■ WHAT THE TASK REQUIRES
In your copy, the records appear word for word and the pictures do not appear at all.

■ STORED DATA
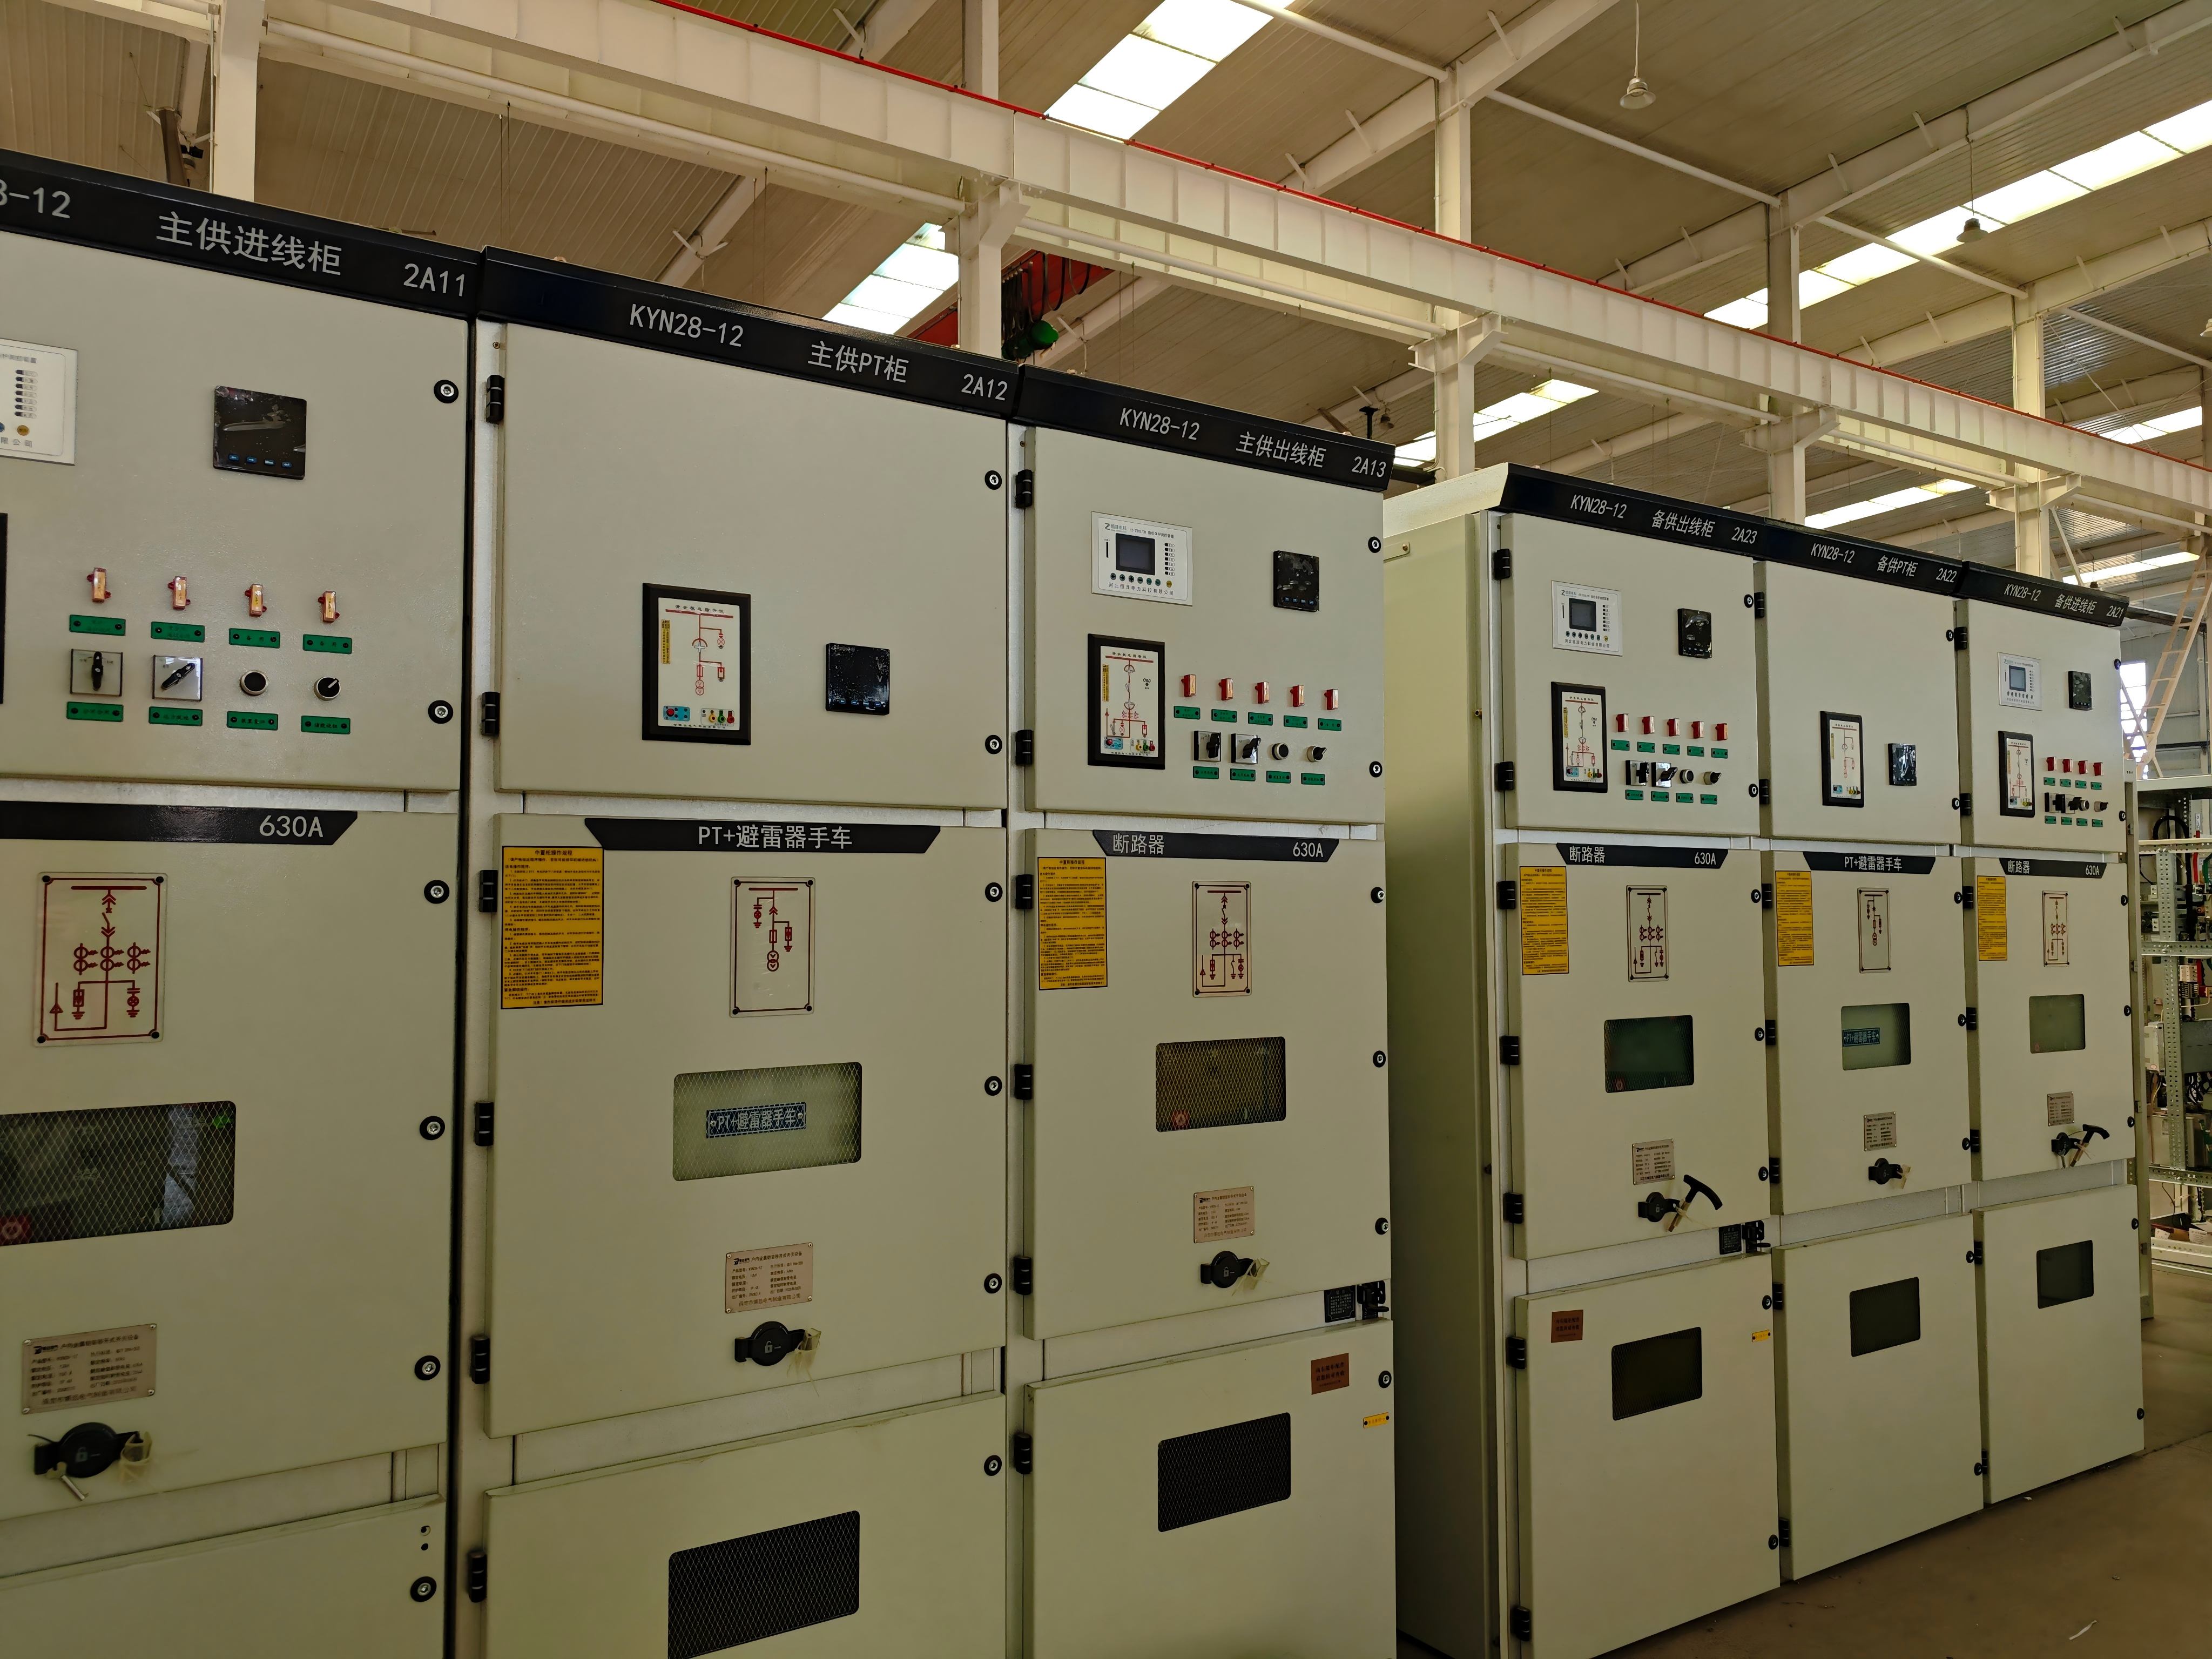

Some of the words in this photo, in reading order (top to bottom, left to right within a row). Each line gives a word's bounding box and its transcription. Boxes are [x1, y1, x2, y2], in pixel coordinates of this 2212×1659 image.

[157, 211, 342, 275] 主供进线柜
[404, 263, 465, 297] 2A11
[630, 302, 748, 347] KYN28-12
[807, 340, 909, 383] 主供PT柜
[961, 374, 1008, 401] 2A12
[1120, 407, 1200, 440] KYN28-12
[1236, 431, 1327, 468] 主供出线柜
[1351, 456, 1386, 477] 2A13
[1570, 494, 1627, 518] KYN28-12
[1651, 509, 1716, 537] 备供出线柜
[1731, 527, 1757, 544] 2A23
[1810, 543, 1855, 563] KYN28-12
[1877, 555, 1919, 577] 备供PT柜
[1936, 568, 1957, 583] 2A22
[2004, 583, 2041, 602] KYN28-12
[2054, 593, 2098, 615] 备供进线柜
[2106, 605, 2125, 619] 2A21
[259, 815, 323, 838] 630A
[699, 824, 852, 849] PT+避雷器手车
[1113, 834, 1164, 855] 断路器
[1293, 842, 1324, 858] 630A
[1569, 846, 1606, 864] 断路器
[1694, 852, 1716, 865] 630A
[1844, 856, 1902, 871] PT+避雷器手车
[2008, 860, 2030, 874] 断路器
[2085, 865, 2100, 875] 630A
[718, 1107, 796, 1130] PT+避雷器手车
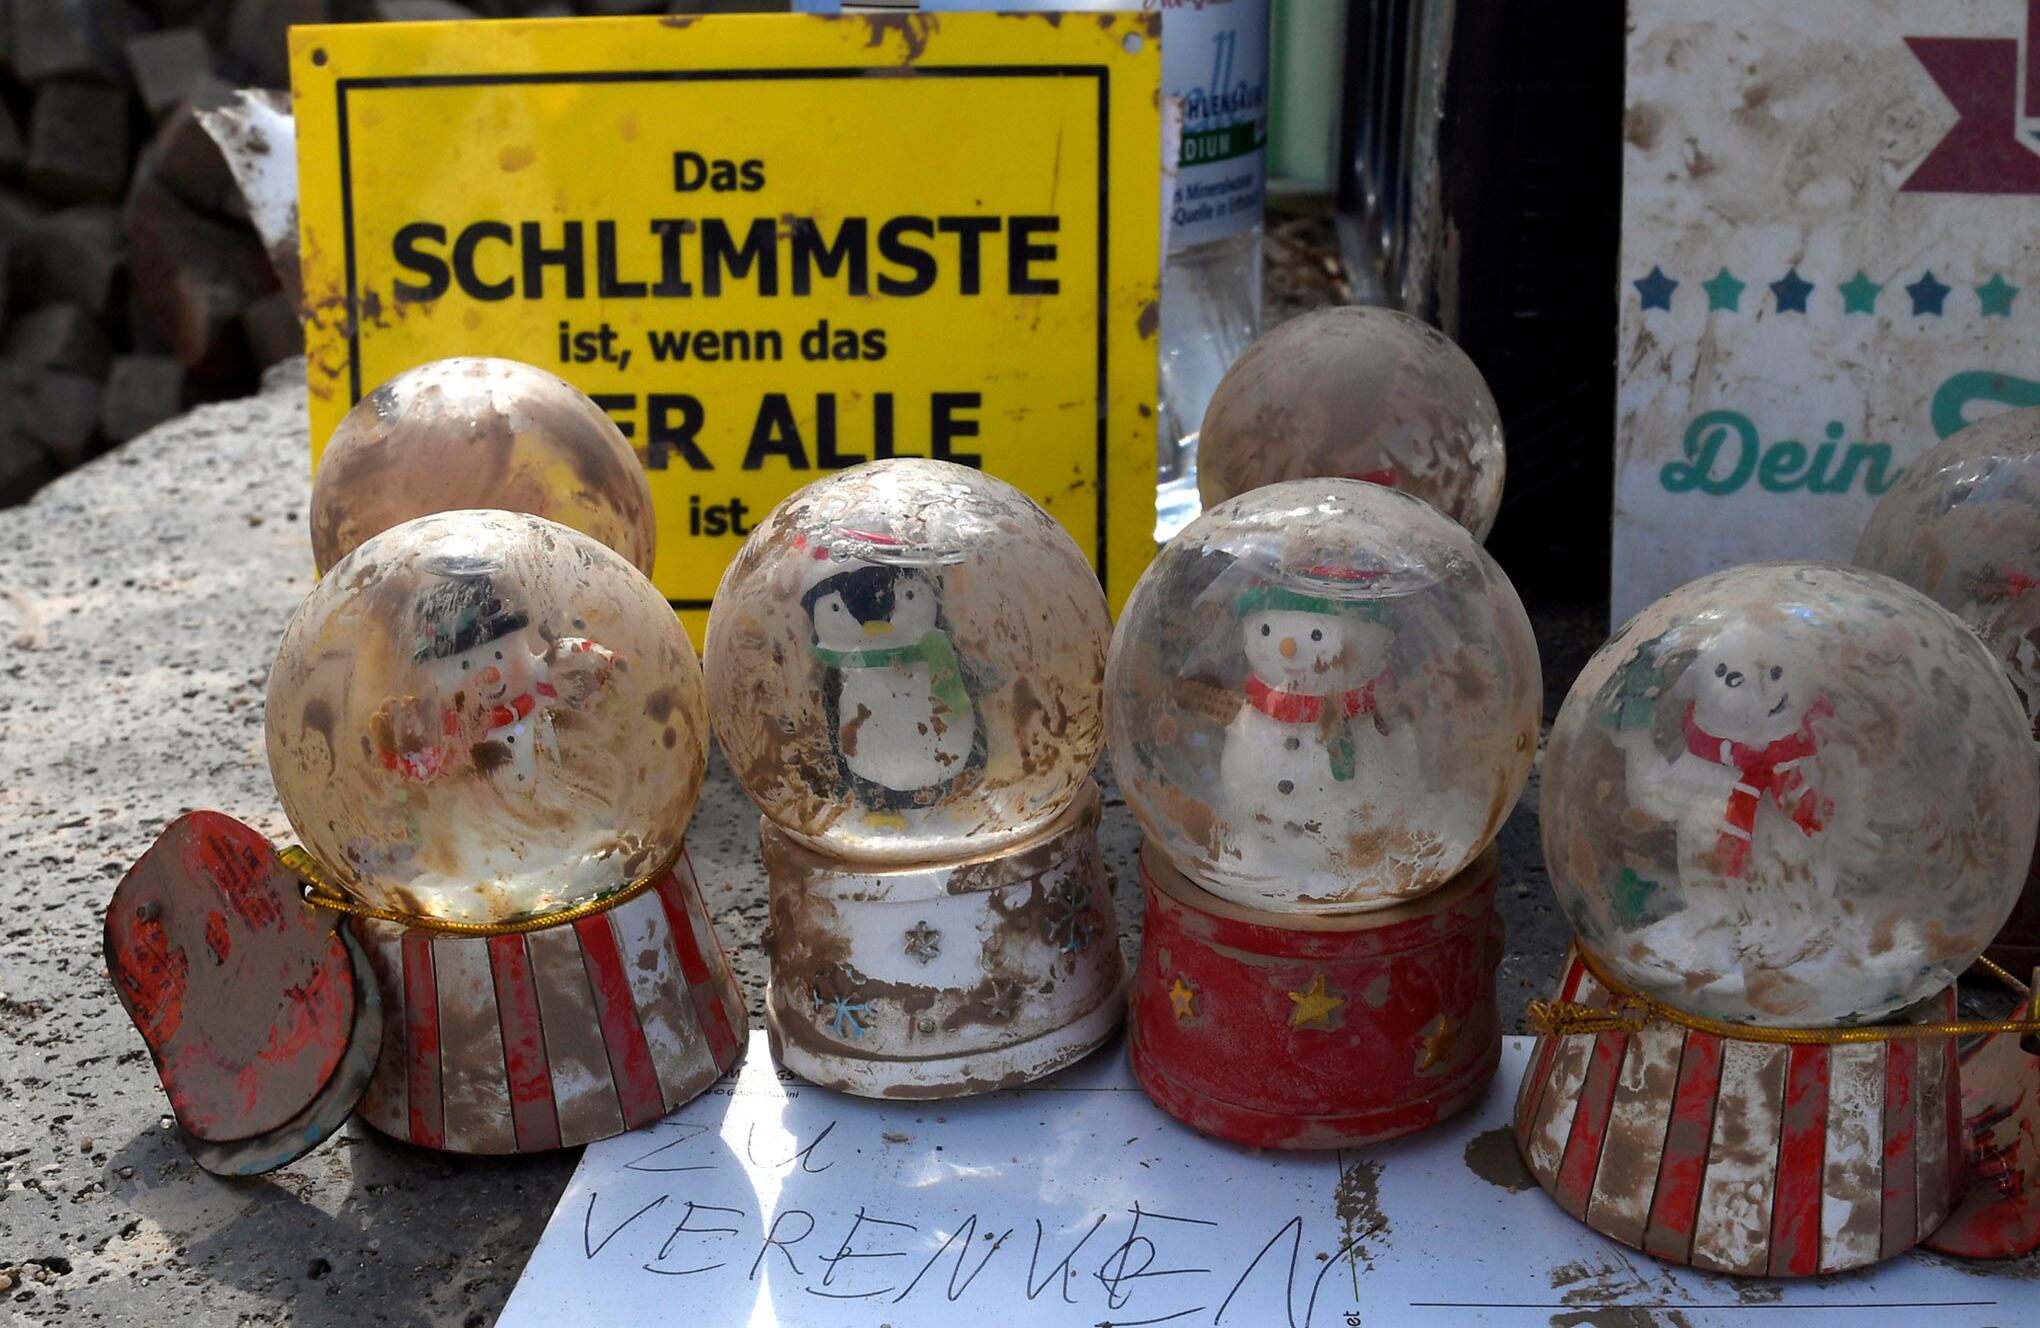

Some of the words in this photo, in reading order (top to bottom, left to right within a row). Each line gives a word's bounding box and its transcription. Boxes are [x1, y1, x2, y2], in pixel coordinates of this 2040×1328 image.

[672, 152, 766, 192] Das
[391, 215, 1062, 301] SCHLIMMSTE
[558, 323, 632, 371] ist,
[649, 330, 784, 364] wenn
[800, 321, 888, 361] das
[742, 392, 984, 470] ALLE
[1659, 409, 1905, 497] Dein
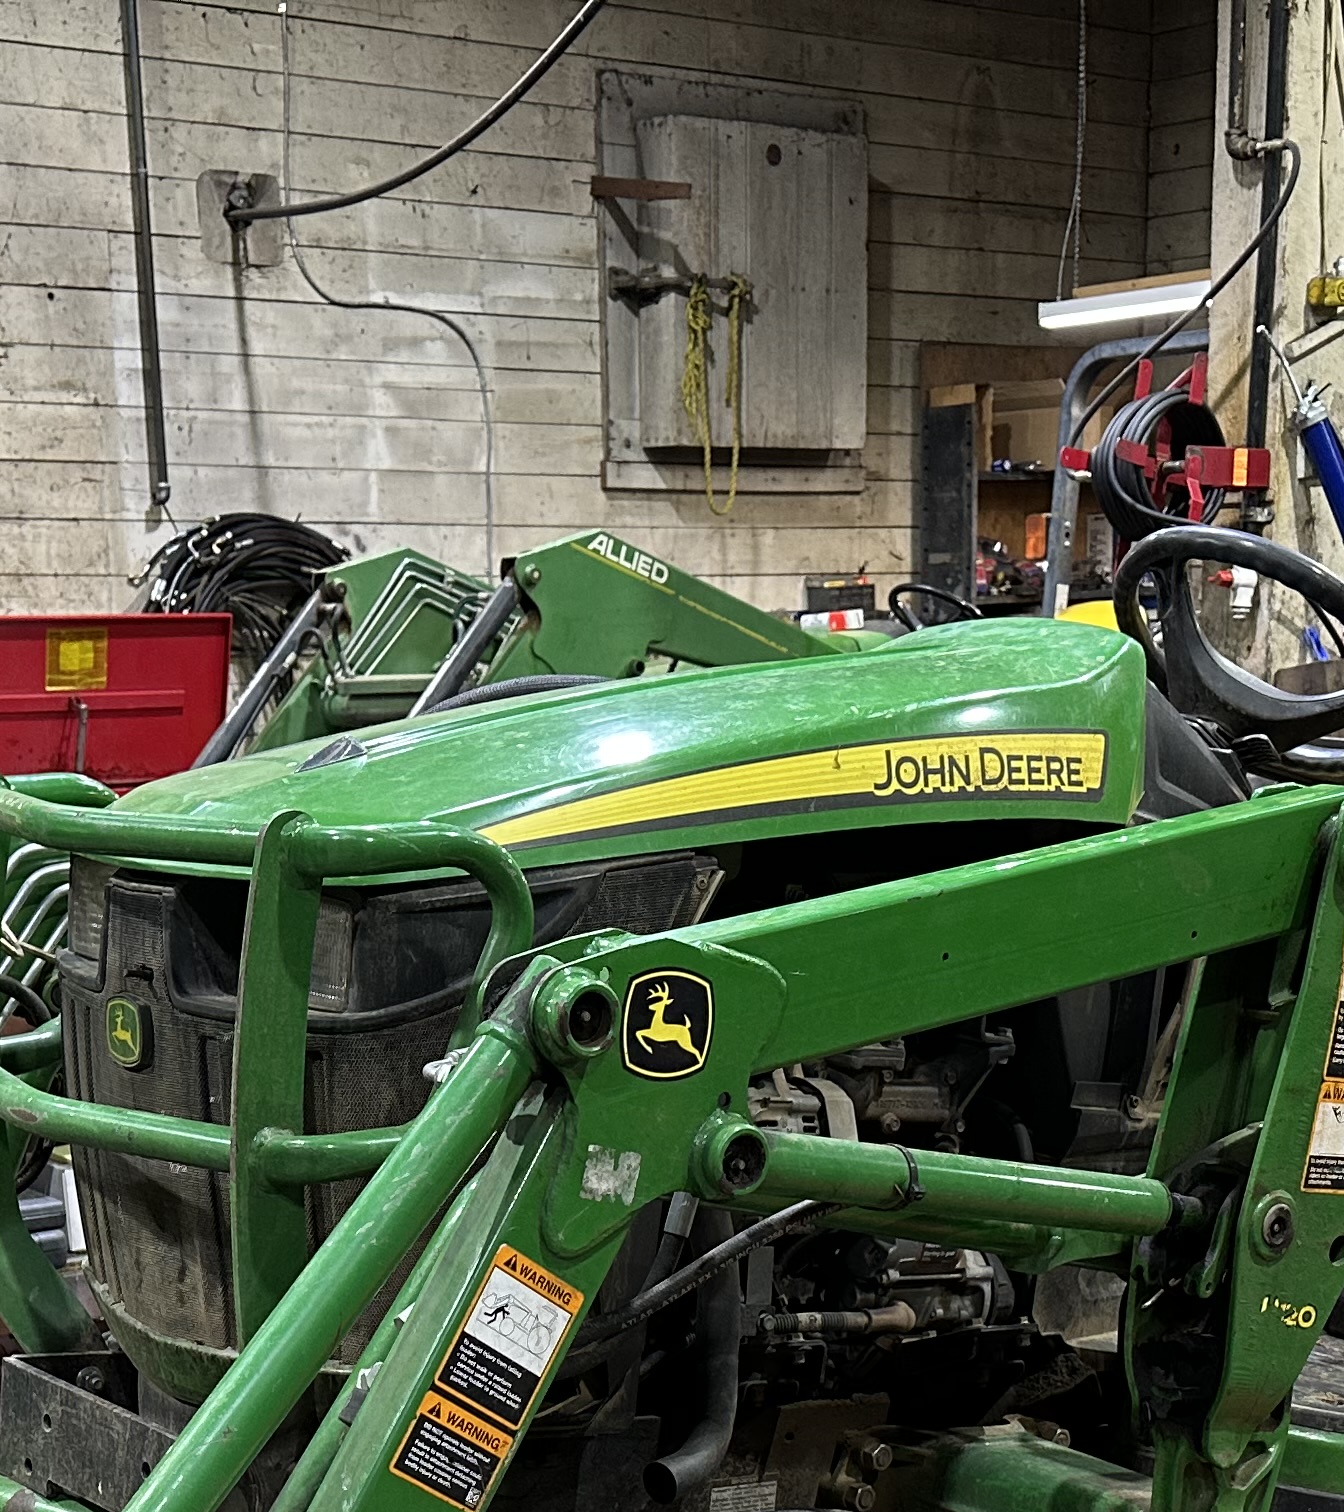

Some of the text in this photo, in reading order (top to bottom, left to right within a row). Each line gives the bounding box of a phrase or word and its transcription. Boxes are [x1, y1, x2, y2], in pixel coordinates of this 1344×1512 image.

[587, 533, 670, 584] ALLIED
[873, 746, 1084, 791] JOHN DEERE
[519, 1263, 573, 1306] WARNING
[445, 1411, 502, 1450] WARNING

■ COMPLETED EXERCISE
Some of the words in this photo, in reading order (top to bottom, left to right within a row). Each line gives a word's bounding box and its transcription. Boxes are [x1, y1, x2, y2], in pixel coordinates of this 2212×1659 image.

[157, 211, 342, 275] 主供进线柜
[404, 263, 465, 297] 2A11
[630, 302, 748, 347] KYN28-12
[807, 340, 909, 383] 主供PT柜
[961, 374, 1008, 401] 2A12
[1120, 407, 1200, 440] KYN28-12
[1236, 431, 1327, 468] 主供出线柜
[1351, 456, 1386, 477] 2A13
[1570, 494, 1627, 518] KYN28-12
[1651, 509, 1716, 537] 备供出线柜
[1731, 527, 1757, 544] 2A23
[1810, 543, 1855, 563] KYN28-12
[1877, 555, 1919, 577] 备供PT柜
[1936, 568, 1957, 583] 2A22
[2004, 583, 2041, 602] KYN28-12
[2054, 593, 2098, 615] 备供进线柜
[2106, 605, 2125, 619] 2A21
[259, 815, 323, 838] 630A
[699, 824, 852, 849] PT+避雷器手车
[1113, 834, 1164, 855] 断路器
[1293, 842, 1324, 858] 630A
[1569, 846, 1606, 864] 断路器
[1694, 852, 1716, 865] 630A
[1844, 856, 1902, 871] PT+避雷器手车
[2008, 860, 2030, 874] 断路器
[2085, 865, 2100, 875] 630A
[718, 1107, 796, 1130] PT+避雷器手车

Some of the words in this photo, in reading order (top to bottom, left to right within a row). Each line gives a word's bounding box and its transcription. Boxes are [x1, y1, x2, y2], in pixel coordinates of this 2040×1328 image.

[672, 152, 766, 192] Das
[391, 215, 1062, 301] SCHLIMMSTE
[558, 323, 632, 371] ist,
[649, 330, 784, 364] wenn
[800, 321, 888, 361] das
[742, 392, 984, 470] ALLE
[1659, 409, 1905, 497] Dein

Some of the text in this photo, in reading order (top to bottom, left to right within a row). Each line gives the bounding box of a phrase or word and its transcription. Boxes are [x1, y1, x2, y2], in pixel coordinates of this 1344×1512 image.

[587, 533, 670, 584] ALLIED
[873, 746, 1084, 791] JOHN DEERE
[519, 1263, 573, 1306] WARNING
[445, 1411, 502, 1450] WARNING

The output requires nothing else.